Are you sure you're Mormon, or more accurately, LDS (short for Church of Jesus Christ of Latter Day Saints)? I mean, a Mormon who doesn't like fruit in her(?) Jell-O sounds suspicious to me.Originally Posted by nubka
Good for you for taking advantage of and often seeing the good regional ballet company SLC has in Ballet West. Any opportunity to see Balanchine choreography done live by a good company is great.
As for RDT, I danced with them from the mid '70s to the mid '80s. I also choreographed a lot, including programs for four junior skaters and two seniors. Although my dance background helped, choreographing for skating requires a whole different set if skills. I spent a lot of time choreographing skating programs on myself, with my single and double jumps, as well as working with a student in the ballet department who skated much more seriously than I ever did.
Little anecdote: The ballet student who skated got no end of grief from her ballet instructors for skating, especially one instructor. She was quite old, about four feet tall, and would do things such as grab a student out of the shower stark naked and virtually throw her on the scale.

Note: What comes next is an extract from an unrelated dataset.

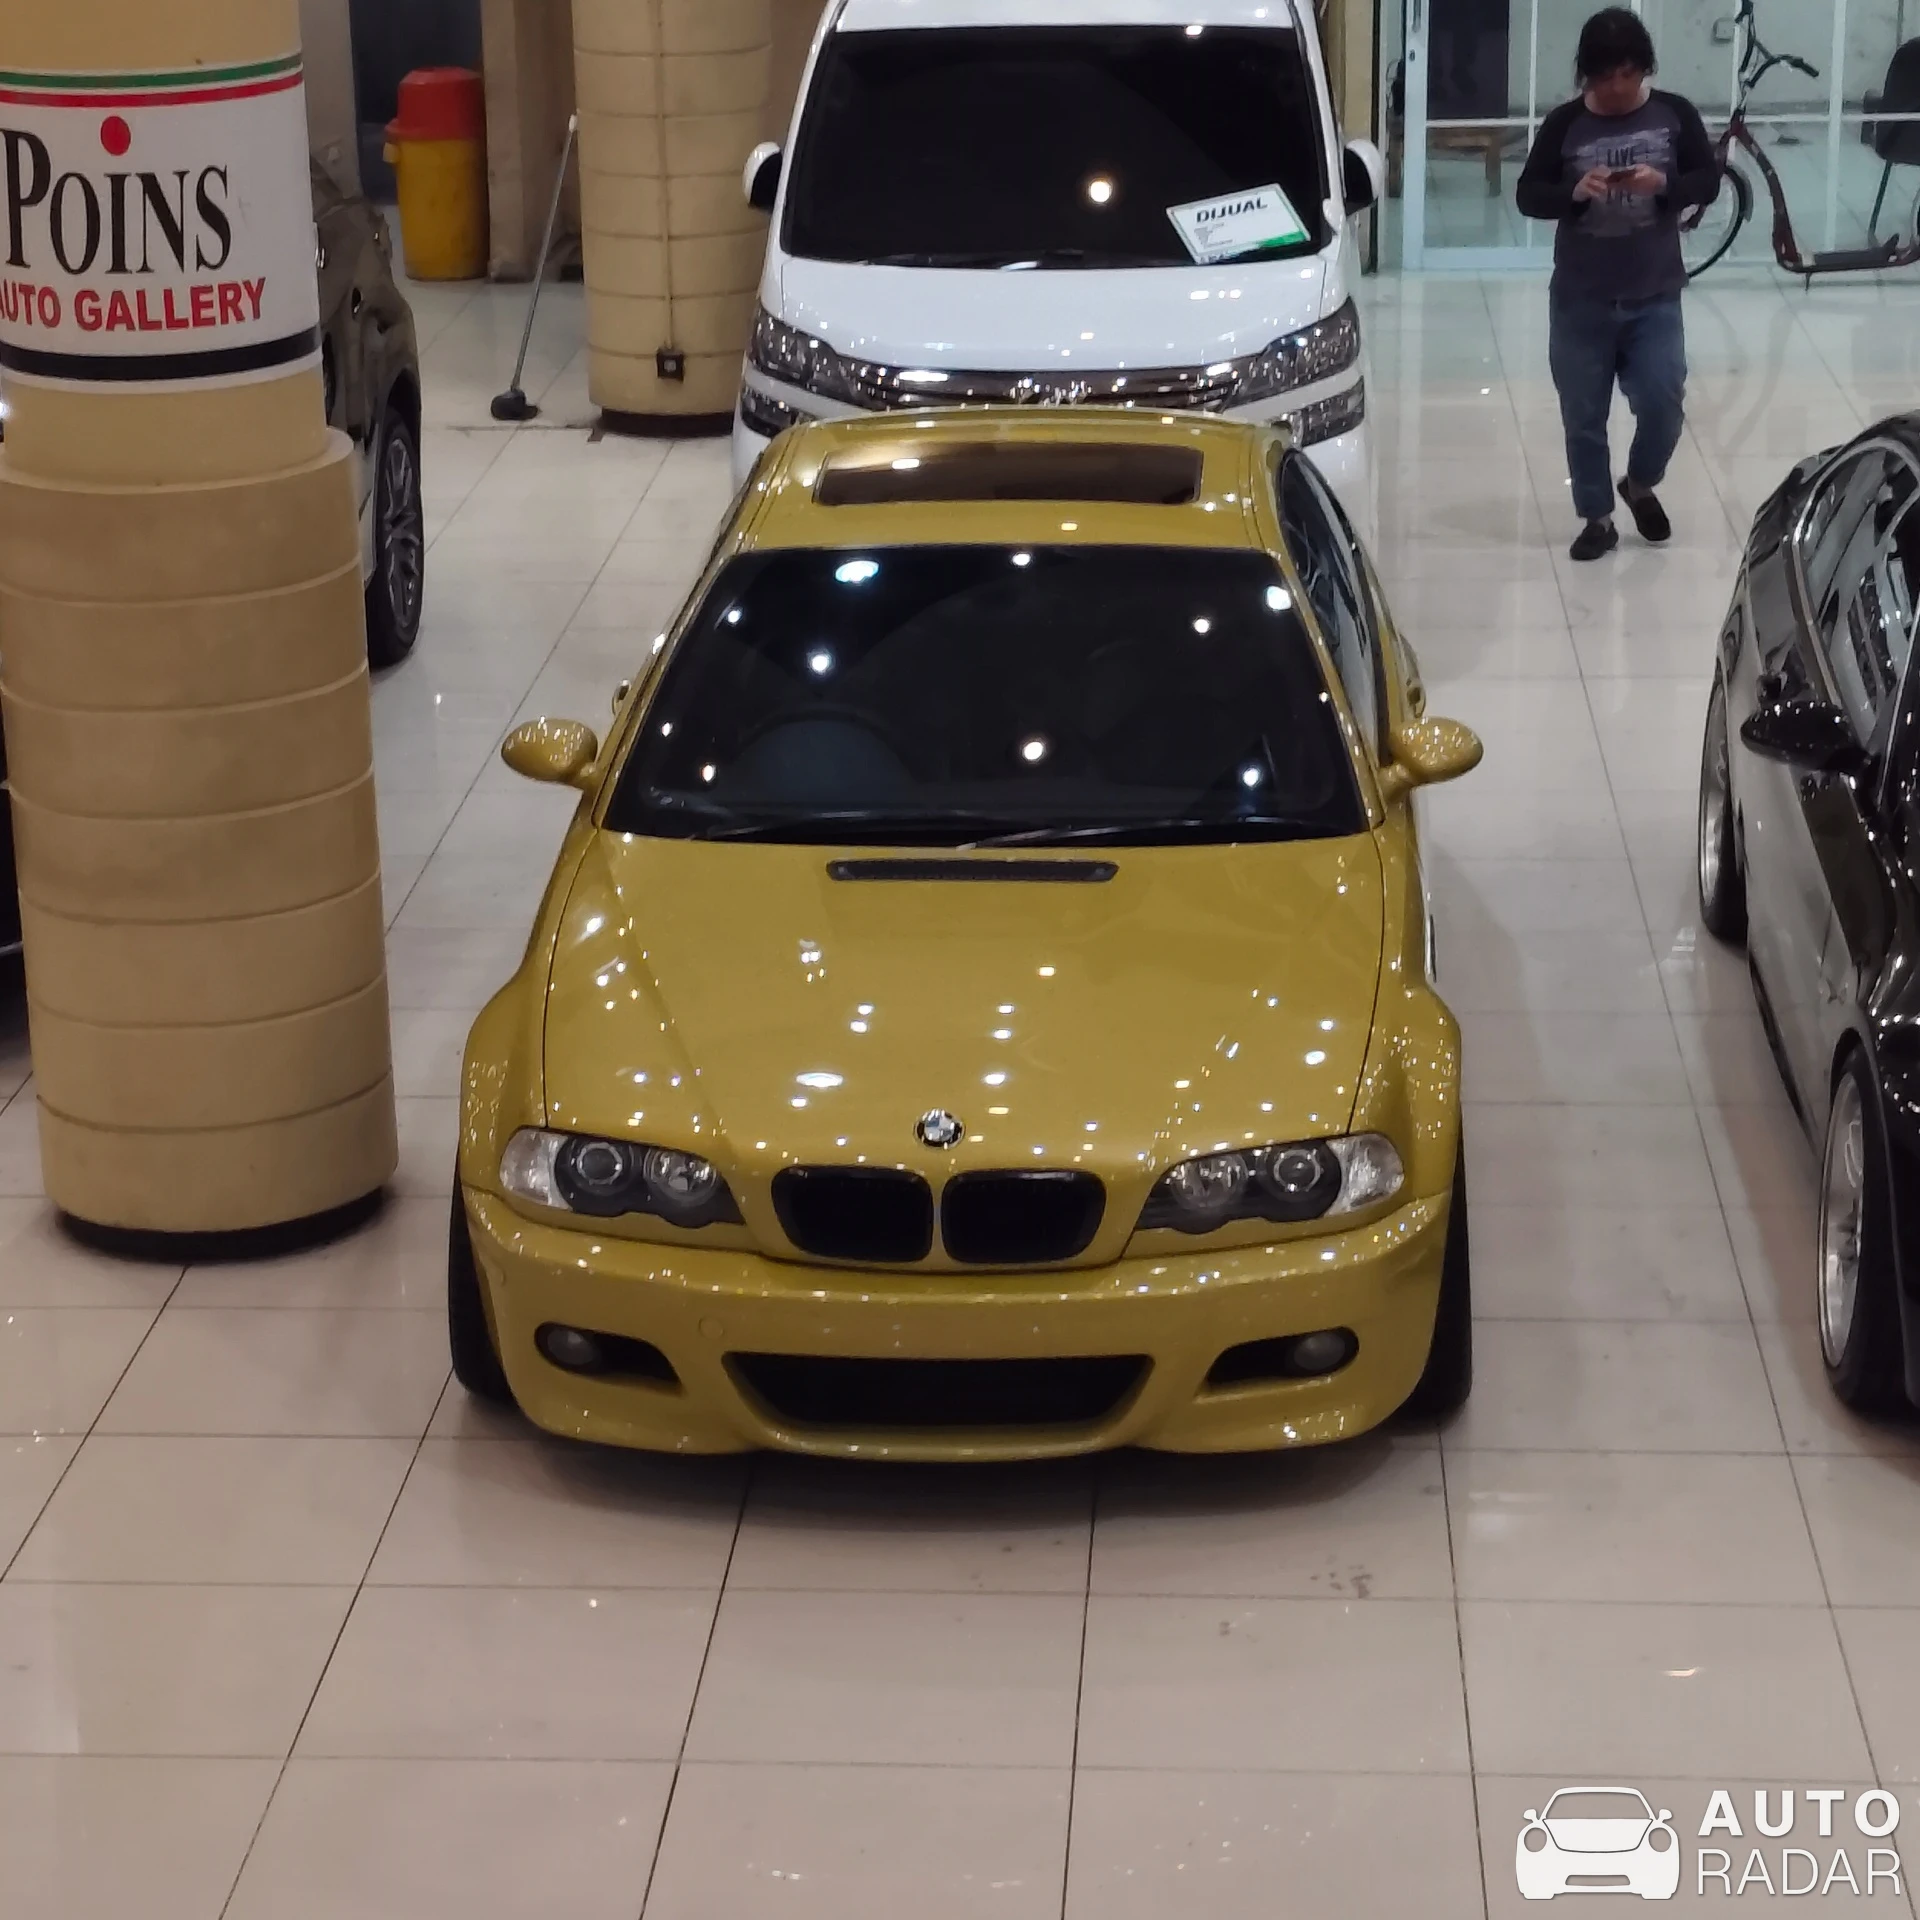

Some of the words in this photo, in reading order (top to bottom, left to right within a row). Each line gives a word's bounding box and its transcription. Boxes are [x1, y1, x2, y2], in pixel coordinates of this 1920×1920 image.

Anyway, whenever the skating student, Shirley, had been skating over the weekend, or even when she hadn't, this particular instructor would grab her thighs, dig her nails in, shake it, and yell, "YOU'VE BEEN FIGURE SKATING AGAIN! HOW MANY TIMES HAVE I TOLD YOU IT WILL RUIN YOUR DANCING!"
Shirley kept skating. And she kept dancing--and very well, thank you.
BTW, at RDT nobody ever noticed anything different about my thighs after I'd been skating. I found it strengthened my ankles, calves, quads, gluteals, my back, my abdomenals, and my arms, which is just about every muscle. The term crosstraining wasn't in our vocabulary, but I think skating was a good one for dance as long as I didn't fall too much. So I skated pretty conservatively. But I wasn't competing.
One last thing: I don't know if this is still true, but certainly in the '70s and '80s, Utah had more dancers per capita than New York. The University of Utah was considered the best university dance program in the country and their were also excellent dance programs at Utah State and Brigham Young University.
I also saw the 1984 Nationals/Olympic trials in SLC, which was quite an exciting experience. But just to show the difference in interest in figure skating since back then, even for the ladies finals, the Salt Palace arena (no longer there) was only about a third full. For me the most exciting event was the men's and seeing Scott Hamilton skate at his peak.
Nice to meet a sort of fellow Ute, Nubka.